I’ve had the television playing CNN since Tuesday night at 5:00 p.m., and in the beginning, I was extremely nervous. Many states were trending red, and Texas and Florida had gotten my hopes up that they might shock us all and flip blue. I also watched in horror as my home state of Alabama elected Tommy Tuberville, a former football coach, to the US Senate over incumbent candidate Doug Jones, a former attorney who prosecuted bombers of the 16th Street Baptist Church. Feeling this disappointment and seeing the mass amount of red on the map, I felt worried that perhaps Biden would not be able to pull off a win. By the end of the night, things had started to look up, but I remained skeptical. I also shook my head at the tens of millions of people that decided to look past Donald Trump’s racism, homophobia, sexism, and more to cast their vote for him.
As the hours and days dragged on, I felt more and more anxious. I found myself not doing homework and just sitting in front of the television hoping that Biden’s 253 electoral votes would move up and Trump’s 213 would stay down. I tried to find joy through the stress by making fun of John King’s excitement about being able to discuss vote counts, and taking breaks from the constant stream with The Bachelorette and Legend of Korra. However, I continued to find myself glued to the screen at the end of the day, waiting, hoping that something would happen. And it did.

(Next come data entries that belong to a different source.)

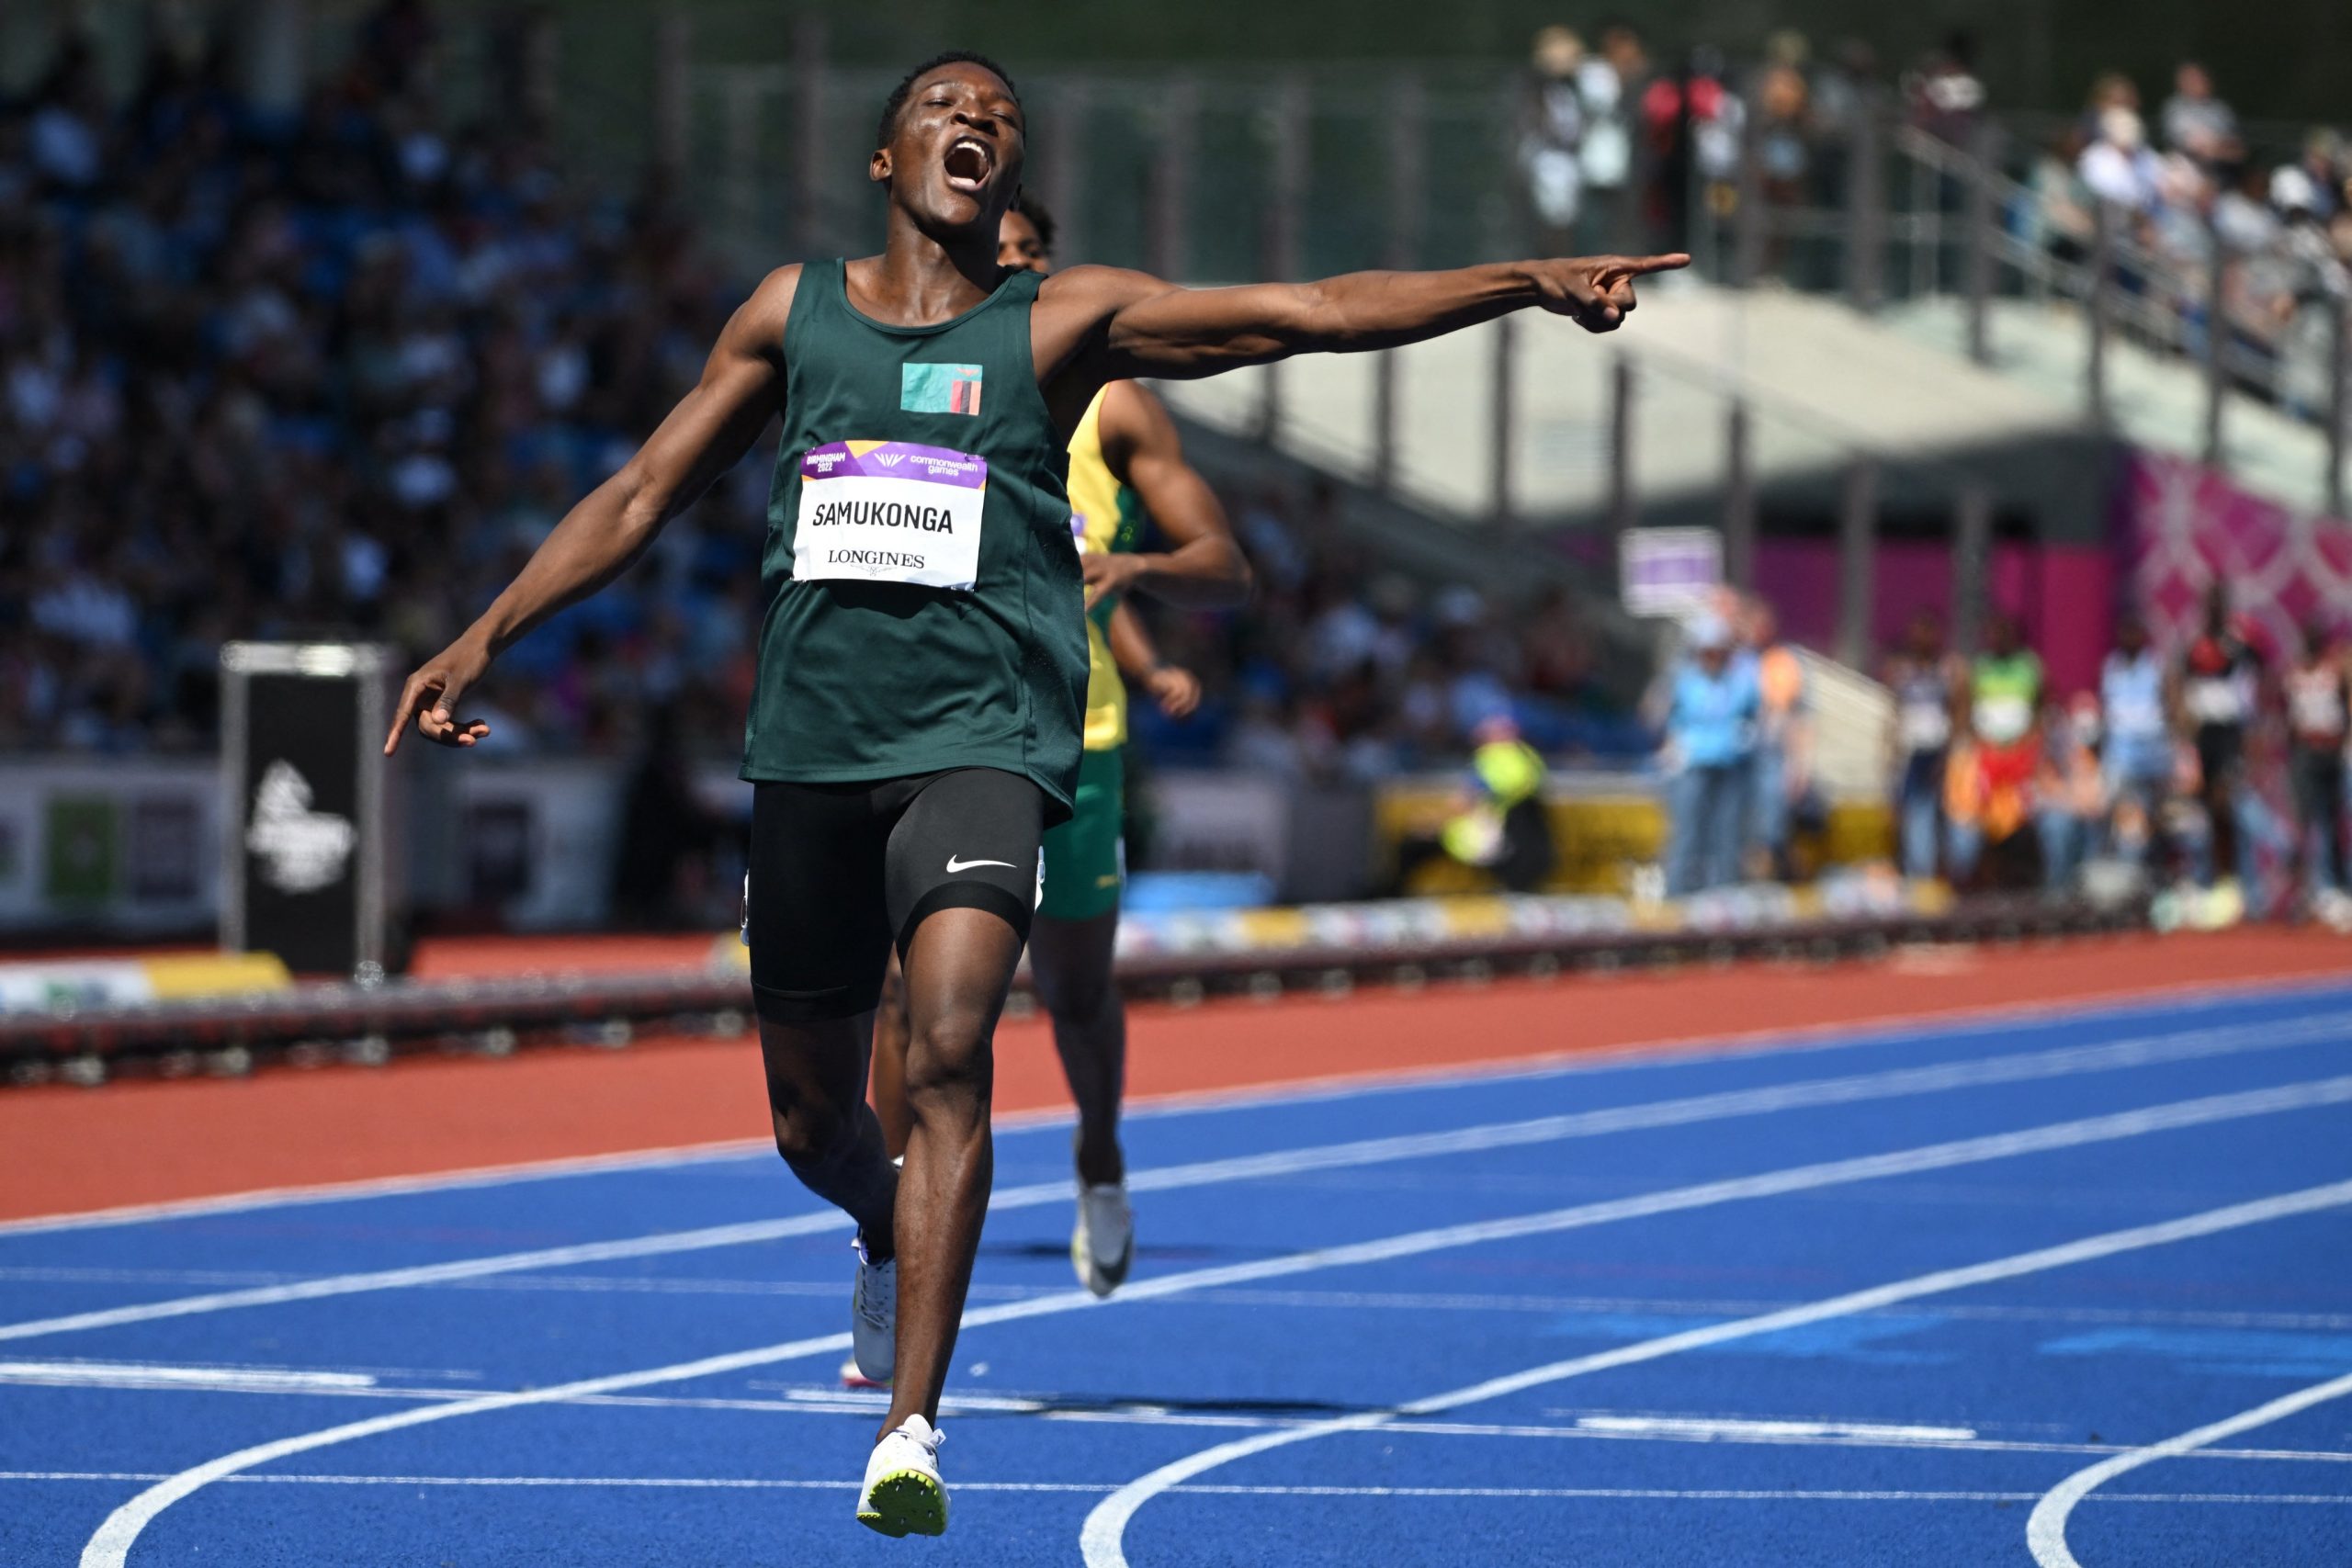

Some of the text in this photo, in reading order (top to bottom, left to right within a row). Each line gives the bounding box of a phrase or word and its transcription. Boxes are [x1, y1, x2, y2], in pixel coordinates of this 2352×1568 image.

[807, 452, 845, 465] BIRMINGHAM
[910, 456, 978, 472] commonwealth
[818, 462, 833, 472] 2022
[928, 466, 959, 476] games
[812, 501, 954, 535] SAMUKONGA
[828, 549, 925, 570] LONGINES

Saturday morning, I saw a text come into a group chat and read the fateful words. Rushing into the common room, I screamed as I saw Jake Tapper announce CNN’s projection that Joe Biden would become the 46th President of the United States. I felt a flood of emotions: joy, surprise, pride, relief. I called my sister and watched her fight tears as we came to the realization that a woman —a woman of color at that—would become Vice President of the United States, paving the way for more women and people of color in the future. Growing up in our community, we had never seen people who looked like and resonated with us in the media, or in positions of power. We had our mother, but to us it seemed she was a rare case. Kamala Harris means a generation of young girls of color growing up and being able to see themselves in that position, and that is the greatest feeling out of the entire election.

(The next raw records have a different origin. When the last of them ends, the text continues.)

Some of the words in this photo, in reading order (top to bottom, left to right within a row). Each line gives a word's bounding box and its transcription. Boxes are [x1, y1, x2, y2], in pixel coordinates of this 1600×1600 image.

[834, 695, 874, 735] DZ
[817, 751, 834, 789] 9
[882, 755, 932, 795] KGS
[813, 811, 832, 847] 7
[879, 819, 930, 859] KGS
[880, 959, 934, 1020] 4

Still, with the relief I feel a sense of caution as well. We have seen Donald Trump undermining a largely mail-in based election from its earliest beginnings, and he has continued on this path with baseless claims of fraud and threats of recounts and court cases. He has also created fury within his base, with several of his followers protesting, speaking out in support of him, and even threatening violence. Biden’s first statement as President-elect spoke of fostering unity and healing within our nation, but is it too late to get there? With the Democrats keeping the House while the Senate and now conservative Supreme Court will, seemingly, be maintained by the Republicans, it is questionable whether any active legislation can happen in this new administration. Biden has spoken of fixing systemic racism while many Republicans continue to deny its existence. Congress continues to argue over stimulus checks for Americans. Hundreds of children are still separated from their parents at the border. We are still in a pandemic.
There is so much work to be done and, although Biden claims to work as a bipartisan President, I worry that what we hope to get done will not happen due to push back and partisan fighting.
This election is absolutely cause for celebration. While many feel conflicted over whether to support or settle for Biden and Harris, I’m sure many of us can agree that Donald Trump being ousted from office is more important than anything. His presidency fostered hate and exclusion, and four more years of that would have been detrimental to this country. Biden and Harris are attempting to usher in a new era of peace and inclusion, and my hope is that they are able to do so. Despite all of this, it is ultimately important that we continue to stay cautious, stay educated about what is happening in our government, and, most importantly, work each and every day to truly make America great in a way that benefits ALL people.